Jakarta (ANTARA News) - Tanah airku Indonesia/ Negeri elok amat kucinta/Tanah tumpah darahku yang mulia/Yang kupuja sepanjang masa
Tanah airku aman dan makmur/ Pulau kelapa yang amat subur/ Pulau melati pujaan bangsa/ Sejak dulu kala
Melambai lambai....

Lagu Rayuan Pulau Kelapa karya Ismail Marzuki menggema di Stadion Gelora Bung Karno malam itu, 4 September 1962, saat upacara penutupan Asian Games IV.  Liriknya yang menyanjung Tanah Air dengan alunan nada yang syahdu ternyata mampu menyentuh kalbu. Tidak hanya atlet Indonesia saja yang terpaku,  para atlet dari 17 negara yang berpartisipasi pun turut merasakan haru.

Setelah 12 hari para atlet bertanding sejak 24 Agustus 1962, malam itu mereka melepaskan semua beban dalam suasana penuh keakraban.

Lagu Rayuan Pulau Kelapa yang bercerita tentang keindahan Indonesia memang sengaja dipilih untuk memberi kesan mendalam bagi para peserta Asian Games, seperti yang ditulis berita bertajuk "'Rajuan Pulau Kelapa' akan melepas peserta Asian Games"  di halaman utama Koran Merdeka edisi 4 September 1962.

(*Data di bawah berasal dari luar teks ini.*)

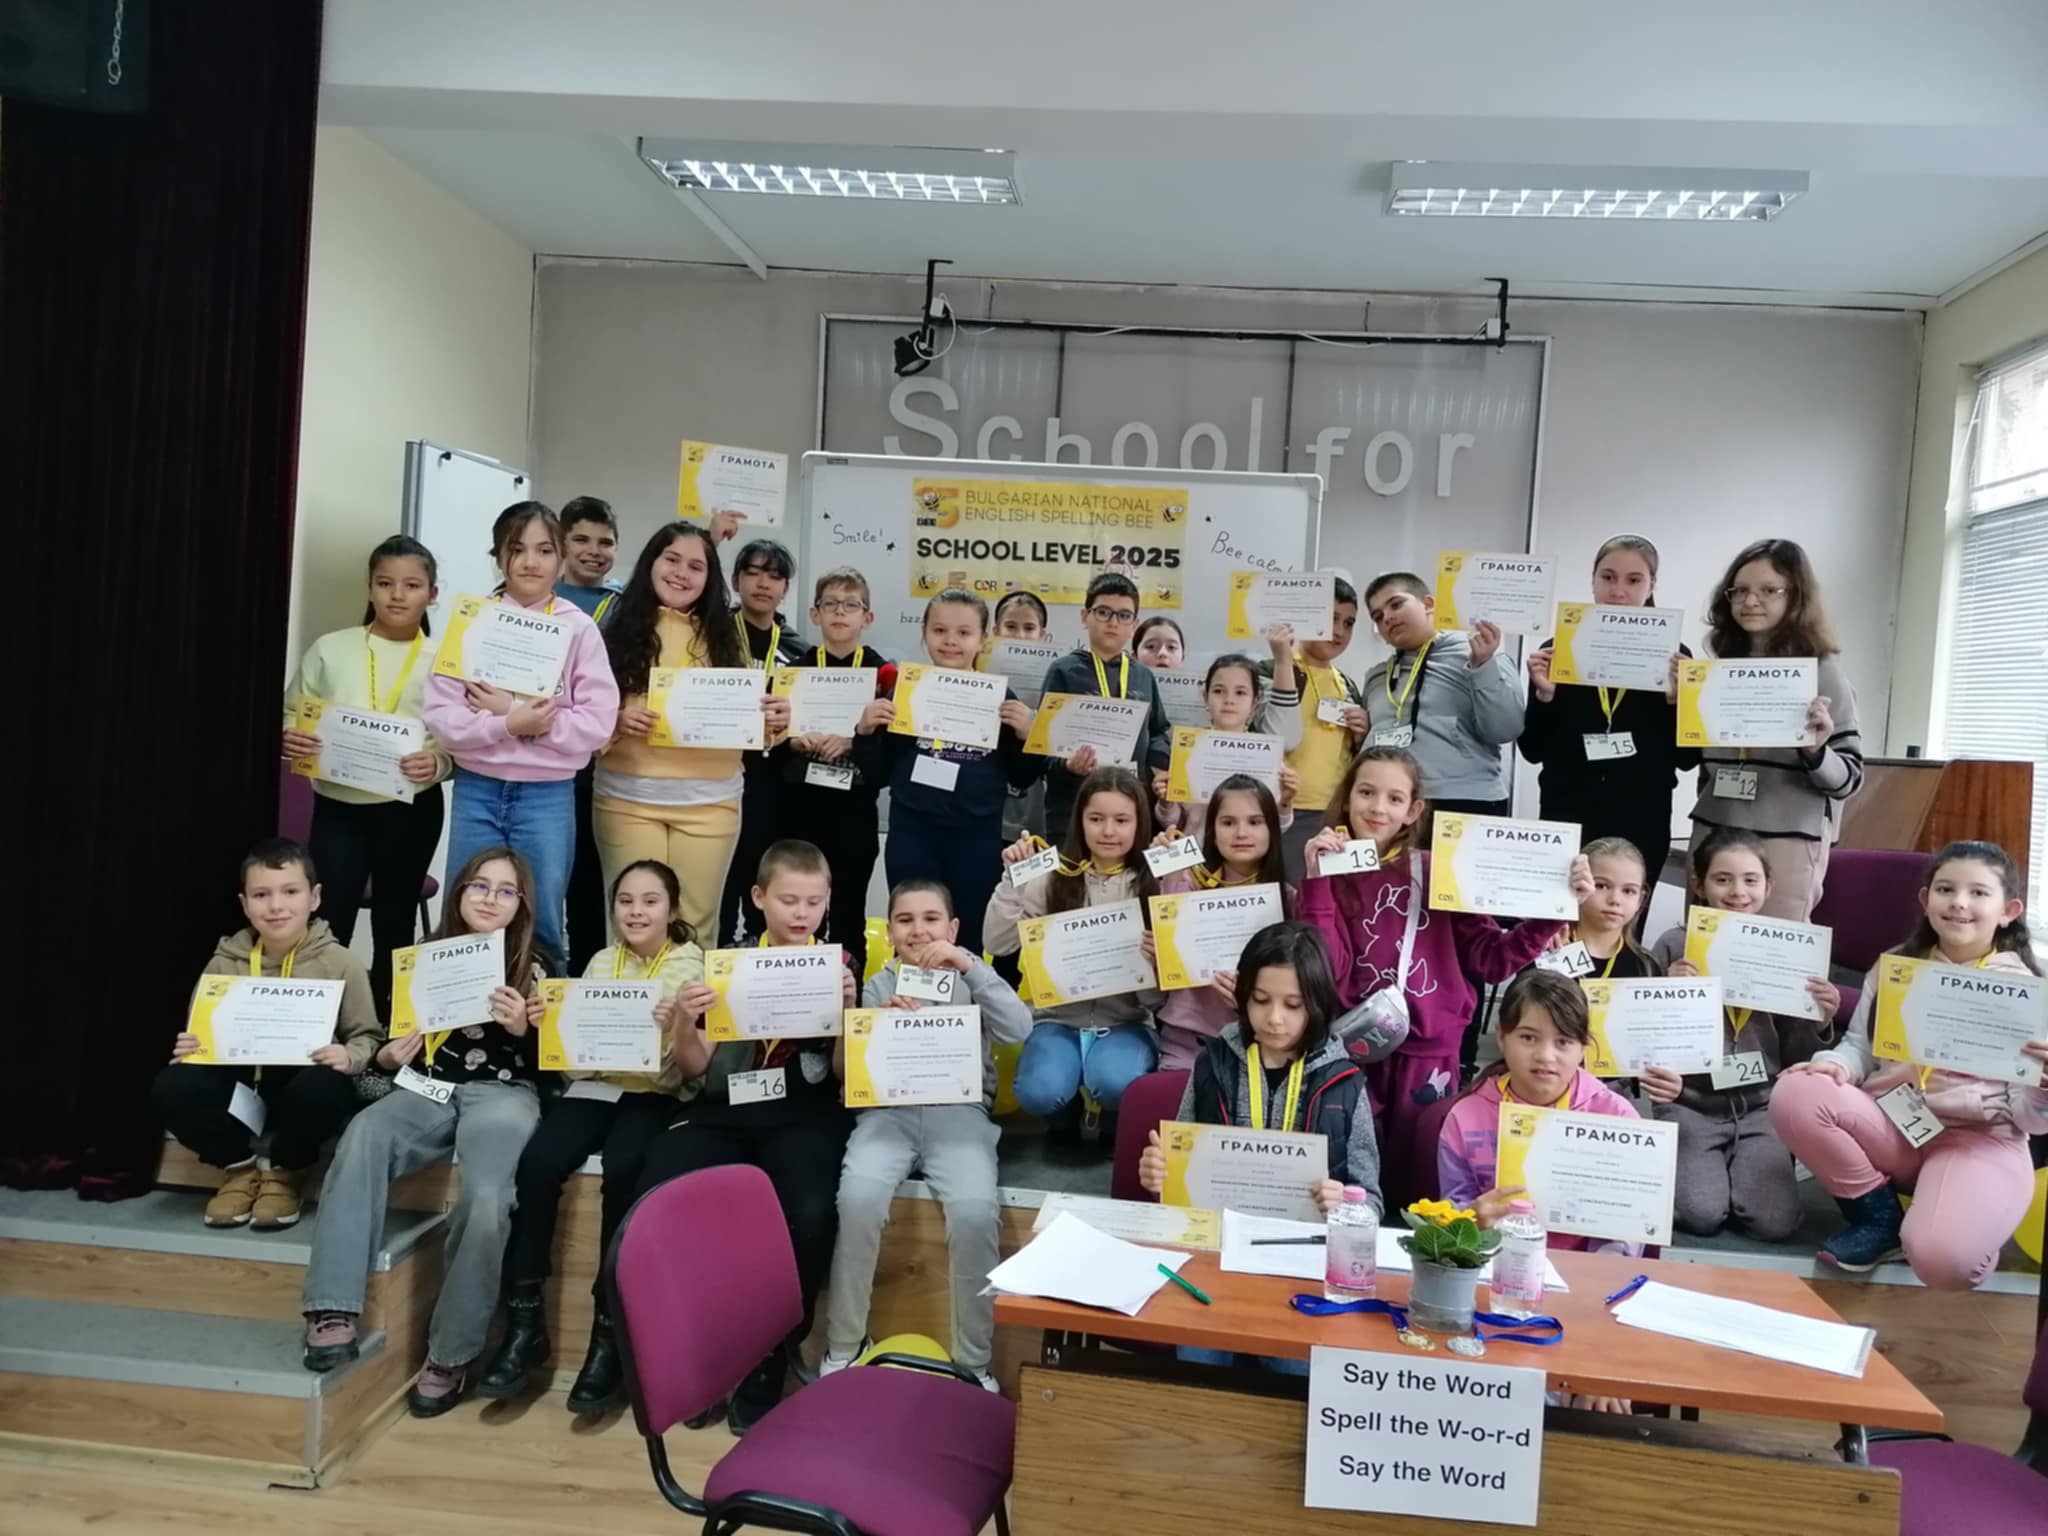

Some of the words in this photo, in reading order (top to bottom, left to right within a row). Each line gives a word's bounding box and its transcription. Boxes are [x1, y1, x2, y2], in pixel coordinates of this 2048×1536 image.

Sebagaimana acara pembukaan yang dikemas dengan balutan pertunjukan seni dan budaya Indonesia, acara penutupan Asian Games IV juga tidak melupakan pesan untuk menyampaikan kekayaan dan keragaman budaya nusantara. Kali ini keragaman itu terutama diwakili oleh lagu-lagu daerah.

Menurut Amin Rahayu, sejarawan dari Direktorat Sejarah Kemendikbud kepada Antara, panitia Asian Games IV memang memanfaatkan momentum acara penutupan pesta olahraga itu untuk mengememukakan tentang kekayaan dan keragaman budaya Indonesia.

"Pada upacara penutupan Asian Games 1962, lagu daerah dimunculkan. Sebelumnya para atlet dan ofisial dibagikan cenderamata berupa vinyl, jam tangan, dan pin. Vinyl ini berisi puluhan lagu-lagu daerah termasuk lagu Rayuan Pulau Kelapa," katanya. 

"Lagu-lagu daerah yang menginspirasi, syahdu, dan merdu membuat penonton saat itu terharu," tambah Amin yang meneliti soal Asian Games 1962 dan menuangkannya dalam buku Asian Games IV 1962, Motivasi, Capaian, serta Revolusi Mental dan Keolahragaan di Indonesia.

 
Medali emas Indonesia pada Asian Games 1962 yang dipamerkan di Museum Nasional dalam pameran sejarah Asian Games 1963 yang bertajuk "Olahraga dan Pembangunan Etos Bangsa: Energi yang tak Pernah Padam" (Aubrey Kandelila Fanani)


Suasana semakin menggetarkan hati karena lampu di stadion GBK dipadamkan, sementara terang berpendar dari nyala obor-obor yang mengelilingi lapangan. Asap yang membumbung menambah dramatis suasana malam itu.

Para atlet dari negara-negara di Asia berkumpul di tengah lapangan, dikelilingi sekitar 100.000 penonton yang memenuhi bangku tribun stadion.

Malam semakin syahdu. Lagu perpisahan "Auld Lang Syne" yang dinyanyikan rombongan koor berkumandang memenuhi angkasa Senayan.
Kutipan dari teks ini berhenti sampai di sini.